Introduction
While building Power Apps and using a gallery to display data, one of the common requirements is to have filters that will give you the flexibility to apply filters on the gallery source to show a subset of the data.
To give a better user experience, when there are multiple filters, having a cascaded filter option is an added advantage. With a cascaded drop-down, based on the selection of the first drop-down, related options are populated in the second drop-down. This eliminates unrelated data from the second drop-down which helps the user make a better-calculated filtering decision.
Scenario
In this article, we will see how to set up a cascaded drop-down filter that filters a gallery within the power app that shows the Product catalog information.

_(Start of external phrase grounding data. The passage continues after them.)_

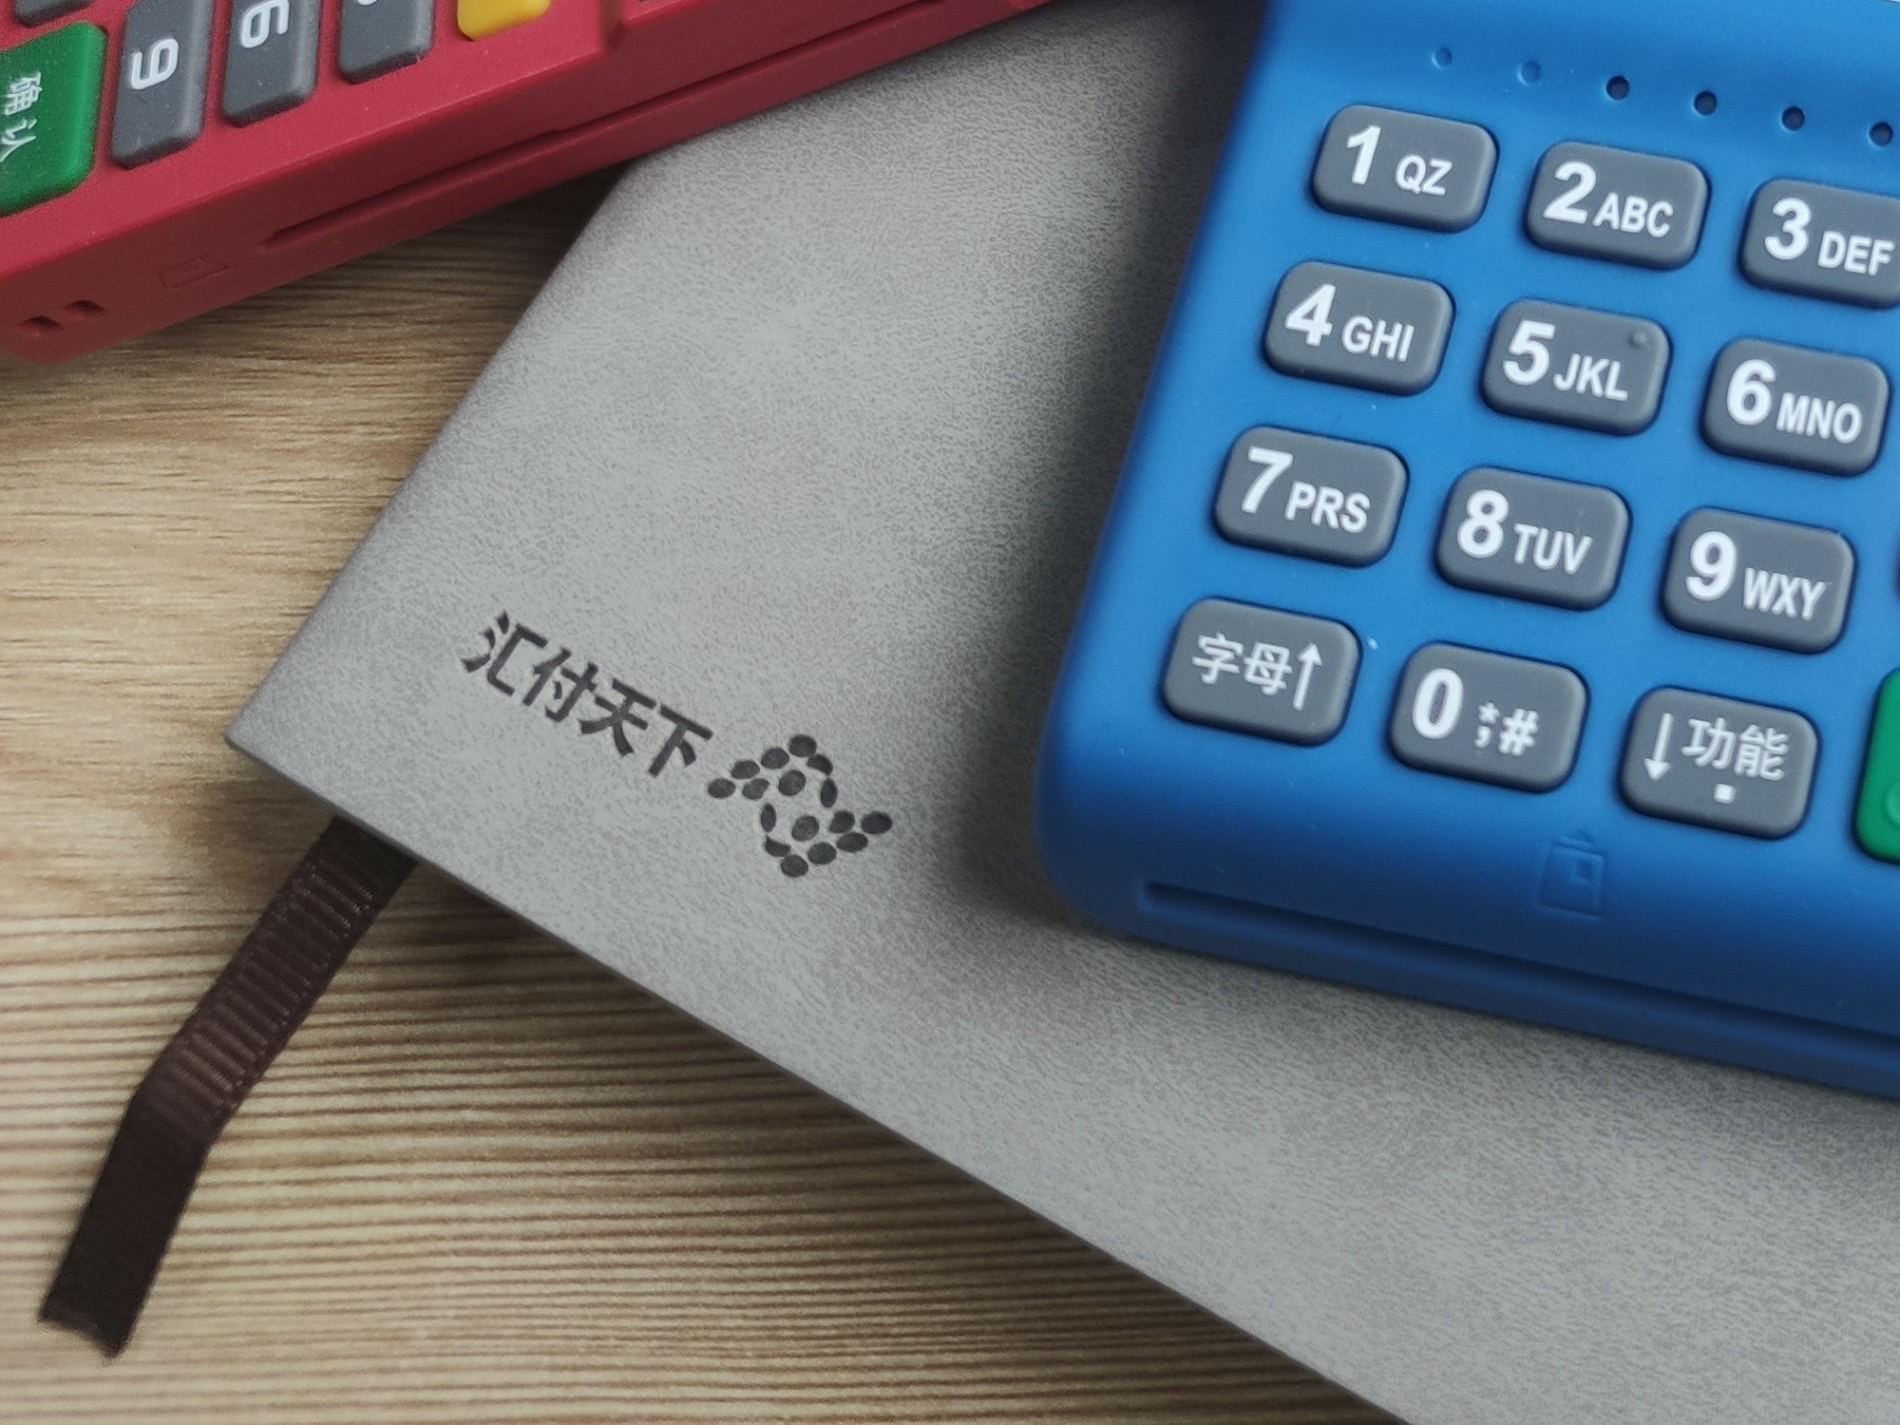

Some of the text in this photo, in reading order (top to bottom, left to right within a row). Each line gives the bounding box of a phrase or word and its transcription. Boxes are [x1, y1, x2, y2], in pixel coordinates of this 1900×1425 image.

[129, 37, 179, 90] 9
[0, 71, 43, 162] 确认
[1346, 125, 1453, 196] 1 QZ
[1543, 161, 1674, 238] 2 ABC
[1764, 197, 1896, 276] 3 DEF
[1285, 283, 1415, 363] 4 GHI
[1502, 319, 1629, 402] 5 JKL
[1726, 359, 1863, 444] 6 MNO
[1240, 446, 1372, 533] 7 PRS
[1457, 490, 1593, 574] 8 TUV
[1685, 531, 1827, 621] 9 WXY
[461, 611, 713, 778] 汇付天下
[1192, 632, 1294, 696] 字母
[1413, 668, 1463, 739] 0
[1681, 717, 1789, 782] 功能
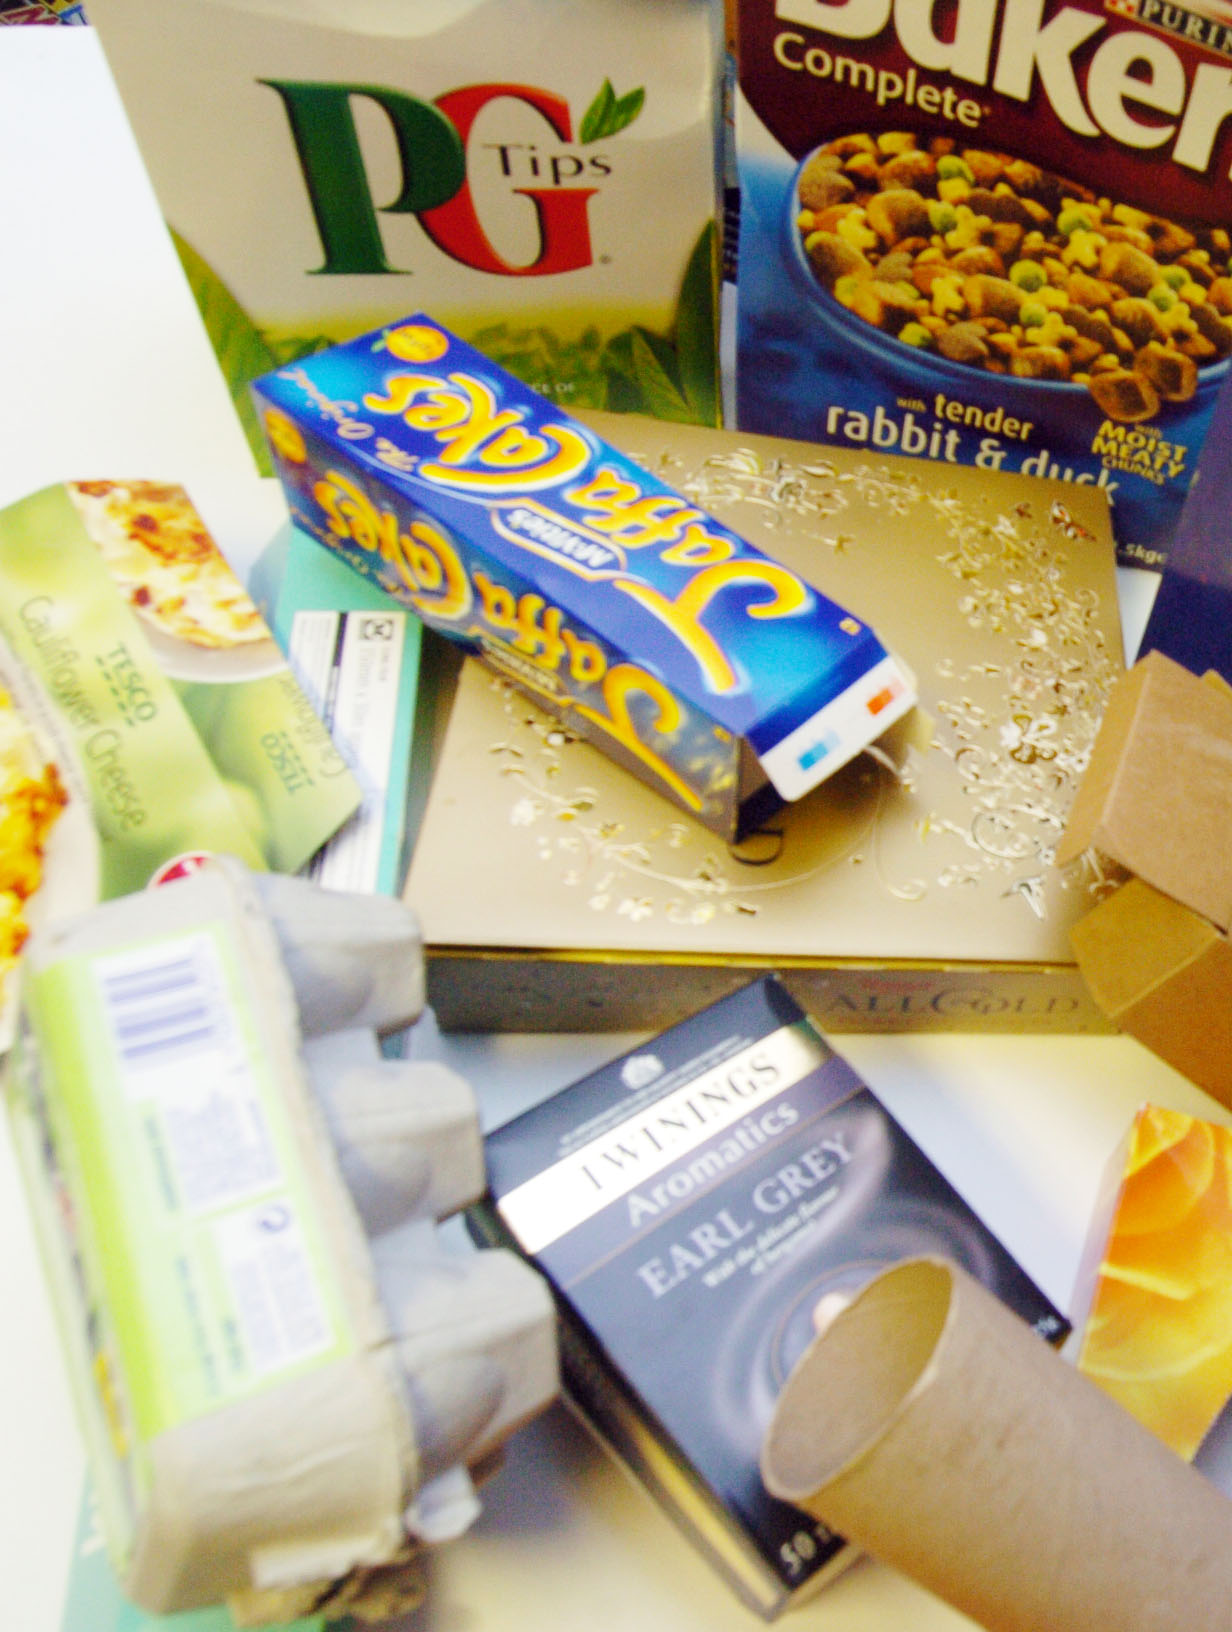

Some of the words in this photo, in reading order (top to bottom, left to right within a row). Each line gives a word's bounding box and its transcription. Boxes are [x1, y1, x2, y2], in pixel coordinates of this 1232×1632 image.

[773, 32, 980, 128] Complete
[255, 77, 600, 277] PG
[481, 143, 612, 186] Tips
[362, 371, 592, 494] Cakes
[826, 404, 962, 463] rabbit
[975, 437, 1007, 471] &
[934, 393, 1034, 441] tender
[1090, 435, 1186, 478] MEATY
[1097, 420, 1189, 463] MOIST
[313, 469, 473, 622] Cakes
[562, 467, 812, 695] Jaffa
[19, 595, 100, 730] Cauliflower
[85, 729, 147, 832] Cheese
[107, 640, 158, 723] TESCO
[471, 569, 704, 812] Jaffa
[625, 1102, 800, 1229] Aromatics
[636, 1208, 755, 1299] EARL
[753, 1131, 854, 1214] GREY
[779, 1529, 817, 1577] 50

We will have 2 dropdowns, Brand and Model so that based on Brand selection Model dropdown will show the related models of the respective brand.

Implementation
Let’s get started with the creation of the back end which is a SharePoint List named Products which contains the below Columns and information

Here we are not using any look-up columns, Brand and Model are populated as Single Line Text Boxes in the list. We will see how we can pick Distinct data from Brand and Model and create a cascading drop-down effect to filter the dataset.
Create the Power App
Let’s head over make.powerapps.com and create a canvas app. We will create a data connection to SharePoint so as to fetch the List data.

We will then specify the Products list and connect to it.

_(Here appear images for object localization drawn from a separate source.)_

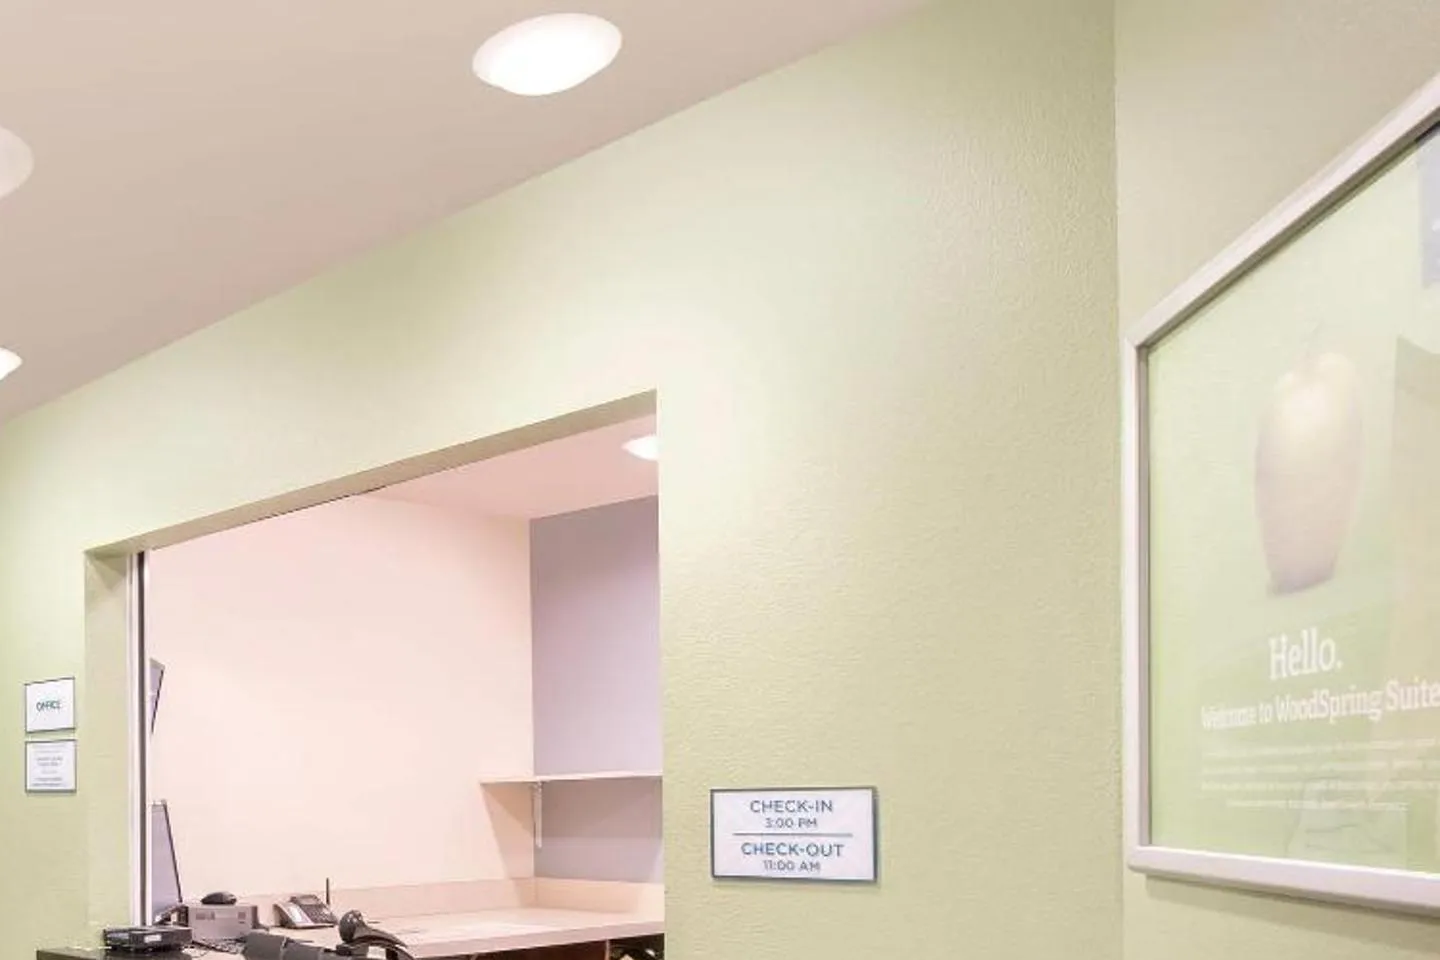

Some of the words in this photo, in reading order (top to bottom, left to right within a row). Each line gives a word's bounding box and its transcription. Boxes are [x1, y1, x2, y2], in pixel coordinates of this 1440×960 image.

[1269, 627, 1343, 681] Hello.
[1259, 702, 1273, 724] to
[1276, 685, 1383, 724] WoodSpring
[750, 799, 833, 813] CHECK-IN
[765, 817, 794, 829] 3:00
[798, 818, 817, 829] PM
[740, 842, 845, 857] CHECK-OUT
[763, 860, 795, 871] 11:00
[799, 861, 820, 873] AM
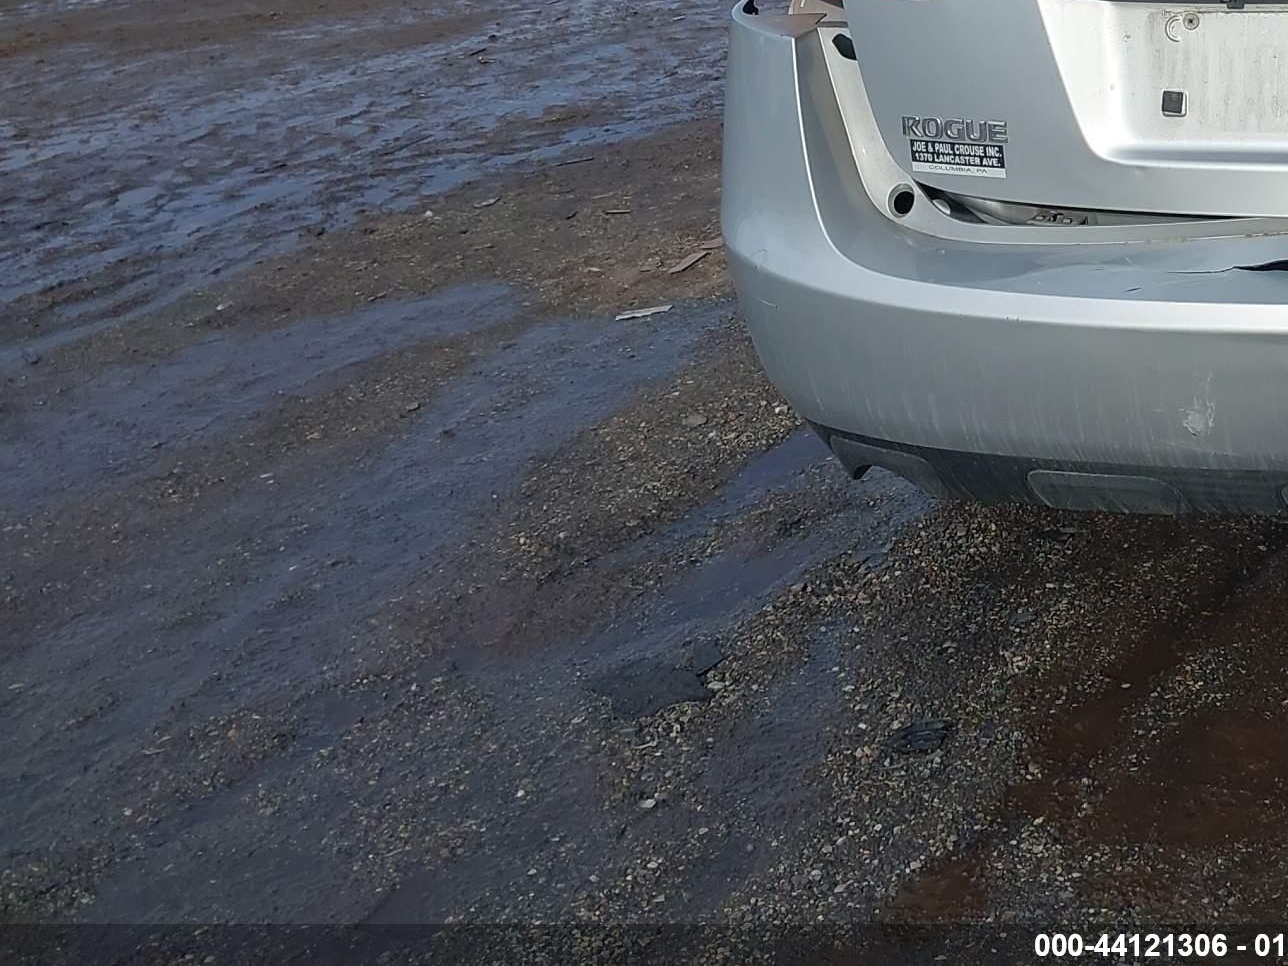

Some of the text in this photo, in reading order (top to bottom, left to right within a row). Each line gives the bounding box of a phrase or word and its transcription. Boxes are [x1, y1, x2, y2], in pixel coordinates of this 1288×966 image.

[902, 115, 1009, 144] ROGUE
[912, 141, 1003, 158] JOE & PAUL CROUSE INC.
[914, 152, 1002, 167] 1370 LANCASTER AVE.

Now let’s add the Brand and Model Dropdowns which will be populated with the SharePoint List column values using Filtered Expression which we will see in a while. We will also add a Gallery and assign the list as its Data Source.

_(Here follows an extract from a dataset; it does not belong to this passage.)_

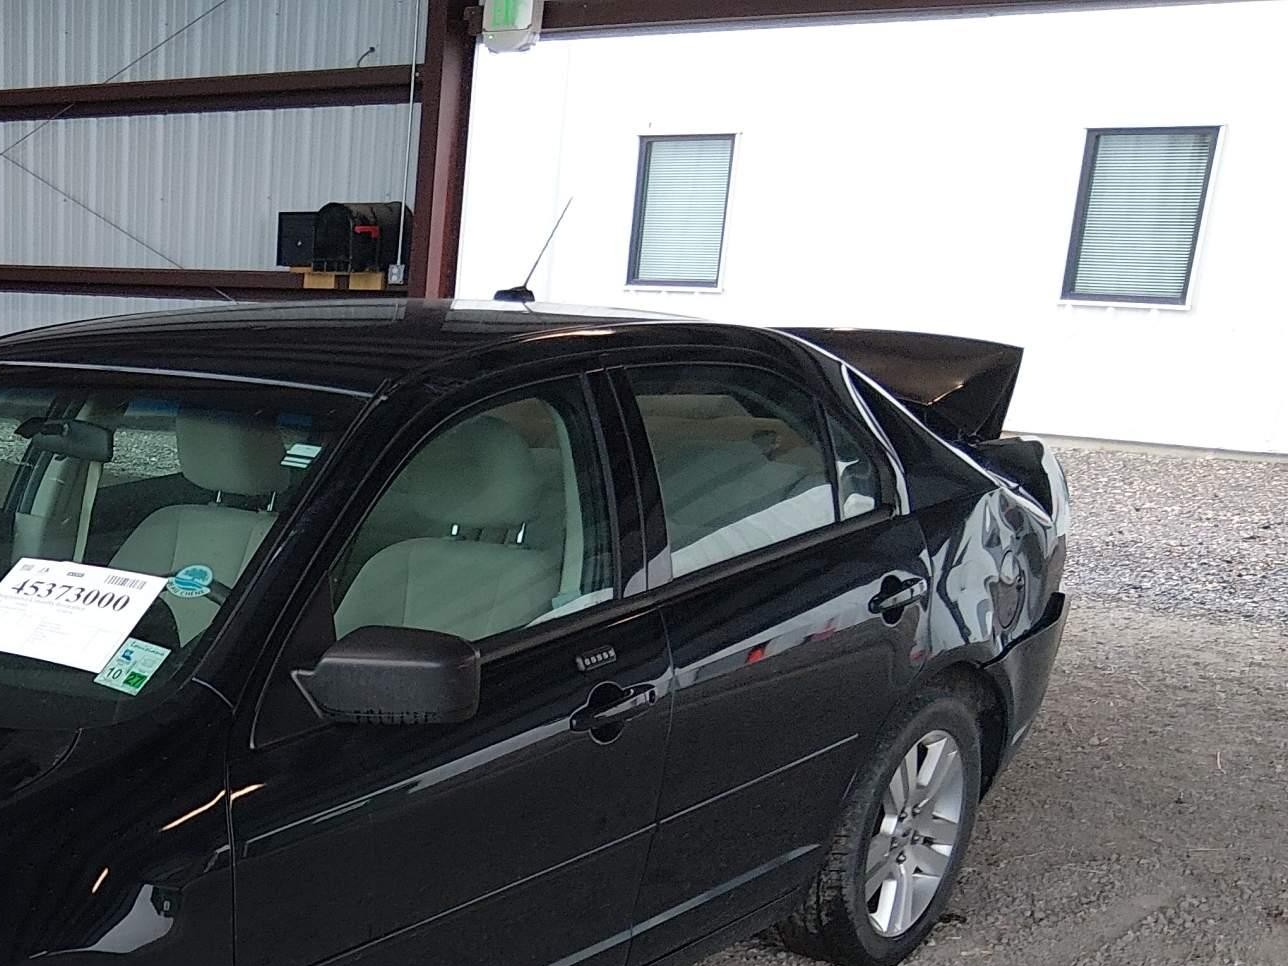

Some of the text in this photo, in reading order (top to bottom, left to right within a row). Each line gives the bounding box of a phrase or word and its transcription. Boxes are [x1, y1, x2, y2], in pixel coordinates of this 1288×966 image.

To make the app look a bit more beautiful, we will add an image to the left side and apply a bit of formatting on the Gallery and add the remaining fields from the List to the gallery.

Cascaded Drop Down
To implement cascaded dropdown using 2 columns from the same List, we will apply the filtered expressions on Brand and Model Drop Down. In the Brand drop downs Item property, we will add the below expression that gets the distinct values from the brand Columns in the Products Source.
Distinct(Products,Brand) |

Followed by that we will add the below expression on the Model Drop down’s Item Property so that it will filter the Products Source list and pick rows where Brand SharePoint List Column Value is equal to the value selected in the Brand Drop Down. We will also wrap with a Distinct function and pick the unique Model Values from the filtered rows to populate the drop-down
Distinct(Filter(Products,Brand=Dropdown_Brand.Selected.Result),Model) |

Filter the Gallery
Thus, we have applied a cascaded filter in the drop-downs, now using the selected values lets filter the gallery as well using the below expression
Filter(Products,Brand=Dropdown_Brand.Selected.Result,Model=Dropdown_Model.Selected.Result) |
We have used the filter function to filter the Products source and pick the records where the Brand and Model SharePoint List column contains the respective values selected in the Cascaded dropdown

Test the Cascading Functionality
Now let’s test the working of cascading by previewing the app and we can see that the second drop-down values will be listed in relation to the first drop-down selection and in real-time both the filters will be applied to the gallery which shows the filters subset of data.

Summary
Thus, we saw how to set up a Cascaded drop-down based on 2 columns present in the same SharePoint list and use it to filter the gallery in the Power App.